How to complete this task »
The full set of lines below has to be written out again exactly.

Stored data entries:
□ □ □
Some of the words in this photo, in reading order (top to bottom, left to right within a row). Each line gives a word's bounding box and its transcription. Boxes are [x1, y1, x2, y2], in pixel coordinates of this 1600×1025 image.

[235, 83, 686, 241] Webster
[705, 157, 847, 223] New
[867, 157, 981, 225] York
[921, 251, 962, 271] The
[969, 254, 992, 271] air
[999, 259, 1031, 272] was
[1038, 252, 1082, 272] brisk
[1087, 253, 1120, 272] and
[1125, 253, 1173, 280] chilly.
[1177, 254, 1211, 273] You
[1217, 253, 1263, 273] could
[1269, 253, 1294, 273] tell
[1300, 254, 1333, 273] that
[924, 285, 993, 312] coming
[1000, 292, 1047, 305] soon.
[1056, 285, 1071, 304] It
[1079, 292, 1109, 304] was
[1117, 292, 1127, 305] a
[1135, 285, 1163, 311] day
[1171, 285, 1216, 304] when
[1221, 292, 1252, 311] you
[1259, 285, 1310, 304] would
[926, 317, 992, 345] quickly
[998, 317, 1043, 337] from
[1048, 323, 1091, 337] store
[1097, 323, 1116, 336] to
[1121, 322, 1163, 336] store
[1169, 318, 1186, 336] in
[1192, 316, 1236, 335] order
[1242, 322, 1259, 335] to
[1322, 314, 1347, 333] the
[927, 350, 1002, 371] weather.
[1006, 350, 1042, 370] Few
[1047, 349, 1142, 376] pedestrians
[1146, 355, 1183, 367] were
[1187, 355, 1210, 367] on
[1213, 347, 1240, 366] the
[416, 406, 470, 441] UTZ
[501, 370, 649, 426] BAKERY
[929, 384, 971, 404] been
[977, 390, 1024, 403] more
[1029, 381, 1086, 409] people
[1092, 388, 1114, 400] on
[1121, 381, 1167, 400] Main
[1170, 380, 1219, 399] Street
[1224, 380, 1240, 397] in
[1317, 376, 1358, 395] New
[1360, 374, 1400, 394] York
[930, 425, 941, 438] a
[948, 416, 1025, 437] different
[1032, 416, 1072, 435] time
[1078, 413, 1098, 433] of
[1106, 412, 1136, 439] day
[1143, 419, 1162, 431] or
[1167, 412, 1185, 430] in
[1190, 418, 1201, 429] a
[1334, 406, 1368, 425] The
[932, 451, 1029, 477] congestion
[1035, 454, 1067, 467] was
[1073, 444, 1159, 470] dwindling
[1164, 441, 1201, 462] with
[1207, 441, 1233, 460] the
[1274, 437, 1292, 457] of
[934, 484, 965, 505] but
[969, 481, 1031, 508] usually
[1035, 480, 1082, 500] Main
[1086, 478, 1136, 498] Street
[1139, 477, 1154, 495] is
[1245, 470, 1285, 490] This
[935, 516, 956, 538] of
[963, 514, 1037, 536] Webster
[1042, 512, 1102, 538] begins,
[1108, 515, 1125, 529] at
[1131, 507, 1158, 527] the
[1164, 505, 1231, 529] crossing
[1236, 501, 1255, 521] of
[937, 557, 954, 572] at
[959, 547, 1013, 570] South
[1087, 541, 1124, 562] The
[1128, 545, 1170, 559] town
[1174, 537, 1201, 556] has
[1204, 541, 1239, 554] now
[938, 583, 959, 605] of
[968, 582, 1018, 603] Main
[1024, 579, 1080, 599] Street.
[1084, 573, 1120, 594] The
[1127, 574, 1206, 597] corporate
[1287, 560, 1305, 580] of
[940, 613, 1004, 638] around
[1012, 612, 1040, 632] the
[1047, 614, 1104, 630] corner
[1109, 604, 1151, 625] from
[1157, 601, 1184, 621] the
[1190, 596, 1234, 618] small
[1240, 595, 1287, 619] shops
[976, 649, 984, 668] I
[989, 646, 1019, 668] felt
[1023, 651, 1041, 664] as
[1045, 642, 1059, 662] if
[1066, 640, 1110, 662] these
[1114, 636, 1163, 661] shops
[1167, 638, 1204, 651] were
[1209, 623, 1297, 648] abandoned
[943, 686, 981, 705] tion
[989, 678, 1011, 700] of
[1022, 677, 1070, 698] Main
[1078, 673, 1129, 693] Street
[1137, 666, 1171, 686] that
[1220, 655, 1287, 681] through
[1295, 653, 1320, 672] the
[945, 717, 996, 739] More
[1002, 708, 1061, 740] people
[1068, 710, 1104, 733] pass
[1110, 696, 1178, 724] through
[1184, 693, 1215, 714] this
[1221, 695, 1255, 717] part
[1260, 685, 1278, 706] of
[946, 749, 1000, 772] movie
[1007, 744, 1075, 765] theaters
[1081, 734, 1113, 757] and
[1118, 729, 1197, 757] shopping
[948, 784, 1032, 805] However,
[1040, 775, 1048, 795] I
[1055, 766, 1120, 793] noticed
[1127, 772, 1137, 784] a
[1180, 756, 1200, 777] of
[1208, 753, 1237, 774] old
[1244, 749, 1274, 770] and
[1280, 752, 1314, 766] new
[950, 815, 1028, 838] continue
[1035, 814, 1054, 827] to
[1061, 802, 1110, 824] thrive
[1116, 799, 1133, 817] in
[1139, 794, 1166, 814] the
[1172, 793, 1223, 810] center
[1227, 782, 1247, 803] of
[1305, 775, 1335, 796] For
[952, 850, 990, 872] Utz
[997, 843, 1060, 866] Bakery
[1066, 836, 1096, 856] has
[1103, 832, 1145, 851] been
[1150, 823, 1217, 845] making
□ □ □
Your response »
Some of the words in this photo, in reading order (top to bottom, left to right within a row). Each line gives a word's bounding box and its transcription. Boxes are [x1, y1, x2, y2], in pixel coordinates of this 1600×1025 image.

[235, 83, 686, 241] Webster
[705, 157, 847, 223] New
[867, 157, 981, 225] York
[921, 251, 962, 271] The
[969, 254, 992, 271] air
[999, 259, 1031, 272] was
[1038, 252, 1082, 272] brisk
[1087, 253, 1120, 272] and
[1125, 253, 1173, 280] chilly.
[1177, 254, 1211, 273] You
[1217, 253, 1263, 273] could
[1269, 253, 1294, 273] tell
[1300, 254, 1333, 273] that
[924, 285, 993, 312] coming
[1000, 292, 1047, 305] soon.
[1056, 285, 1071, 304] It
[1079, 292, 1109, 304] was
[1117, 292, 1127, 305] a
[1135, 285, 1163, 311] day
[1171, 285, 1216, 304] when
[1221, 292, 1252, 311] you
[1259, 285, 1310, 304] would
[926, 317, 992, 345] quickly
[998, 317, 1043, 337] from
[1048, 323, 1091, 337] store
[1097, 323, 1116, 336] to
[1121, 322, 1163, 336] store
[1169, 318, 1186, 336] in
[1192, 316, 1236, 335] order
[1242, 322, 1259, 335] to
[1322, 314, 1347, 333] the
[927, 350, 1002, 371] weather.
[1006, 350, 1042, 370] Few
[1047, 349, 1142, 376] pedestrians
[1146, 355, 1183, 367] were
[1187, 355, 1210, 367] on
[1213, 347, 1240, 366] the
[416, 406, 470, 441] UTZ
[501, 370, 649, 426] BAKERY
[929, 384, 971, 404] been
[977, 390, 1024, 403] more
[1029, 381, 1086, 409] people
[1092, 388, 1114, 400] on
[1121, 381, 1167, 400] Main
[1170, 380, 1219, 399] Street
[1224, 380, 1240, 397] in
[1317, 376, 1358, 395] New
[1360, 374, 1400, 394] York
[930, 425, 941, 438] a
[948, 416, 1025, 437] different
[1032, 416, 1072, 435] time
[1078, 413, 1098, 433] of
[1106, 412, 1136, 439] day
[1143, 419, 1162, 431] or
[1167, 412, 1185, 430] in
[1190, 418, 1201, 429] a
[1334, 406, 1368, 425] The
[932, 451, 1029, 477] congestion
[1035, 454, 1067, 467] was
[1073, 444, 1159, 470] dwindling
[1164, 441, 1201, 462] with
[1207, 441, 1233, 460] the
[1274, 437, 1292, 457] of
[934, 484, 965, 505] but
[969, 481, 1031, 508] usually
[1035, 480, 1082, 500] Main
[1086, 478, 1136, 498] Street
[1139, 477, 1154, 495] is
[1245, 470, 1285, 490] This
[935, 516, 956, 538] of
[963, 514, 1037, 536] Webster
[1042, 512, 1102, 538] begins,
[1108, 515, 1125, 529] at
[1131, 507, 1158, 527] the
[1164, 505, 1231, 529] crossing
[1236, 501, 1255, 521] of
[937, 557, 954, 572] at
[959, 547, 1013, 570] South
[1087, 541, 1124, 562] The
[1128, 545, 1170, 559] town
[1174, 537, 1201, 556] has
[1204, 541, 1239, 554] now
[938, 583, 959, 605] of
[968, 582, 1018, 603] Main
[1024, 579, 1080, 599] Street.
[1084, 573, 1120, 594] The
[1127, 574, 1206, 597] corporate
[1287, 560, 1305, 580] of
[940, 613, 1004, 638] around
[1012, 612, 1040, 632] the
[1047, 614, 1104, 630] corner
[1109, 604, 1151, 625] from
[1157, 601, 1184, 621] the
[1190, 596, 1234, 618] small
[1240, 595, 1287, 619] shops
[976, 649, 984, 668] I
[989, 646, 1019, 668] felt
[1023, 651, 1041, 664] as
[1045, 642, 1059, 662] if
[1066, 640, 1110, 662] these
[1114, 636, 1163, 661] shops
[1167, 638, 1204, 651] were
[1209, 623, 1297, 648] abandoned
[943, 686, 981, 705] tion
[989, 678, 1011, 700] of
[1022, 677, 1070, 698] Main
[1078, 673, 1129, 693] Street
[1137, 666, 1171, 686] that
[1220, 655, 1287, 681] through
[1295, 653, 1320, 672] the
[945, 717, 996, 739] More
[1002, 708, 1061, 740] people
[1068, 710, 1104, 733] pass
[1110, 696, 1178, 724] through
[1184, 693, 1215, 714] this
[1221, 695, 1255, 717] part
[1260, 685, 1278, 706] of
[946, 749, 1000, 772] movie
[1007, 744, 1075, 765] theaters
[1081, 734, 1113, 757] and
[1118, 729, 1197, 757] shopping
[948, 784, 1032, 805] However,
[1040, 775, 1048, 795] I
[1055, 766, 1120, 793] noticed
[1127, 772, 1137, 784] a
[1180, 756, 1200, 777] of
[1208, 753, 1237, 774] old
[1244, 749, 1274, 770] and
[1280, 752, 1314, 766] new
[950, 815, 1028, 838] continue
[1035, 814, 1054, 827] to
[1061, 802, 1110, 824] thrive
[1116, 799, 1133, 817] in
[1139, 794, 1166, 814] the
[1172, 793, 1223, 810] center
[1227, 782, 1247, 803] of
[1305, 775, 1335, 796] For
[952, 850, 990, 872] Utz
[997, 843, 1060, 866] Bakery
[1066, 836, 1096, 856] has
[1103, 832, 1145, 851] been
[1150, 823, 1217, 845] making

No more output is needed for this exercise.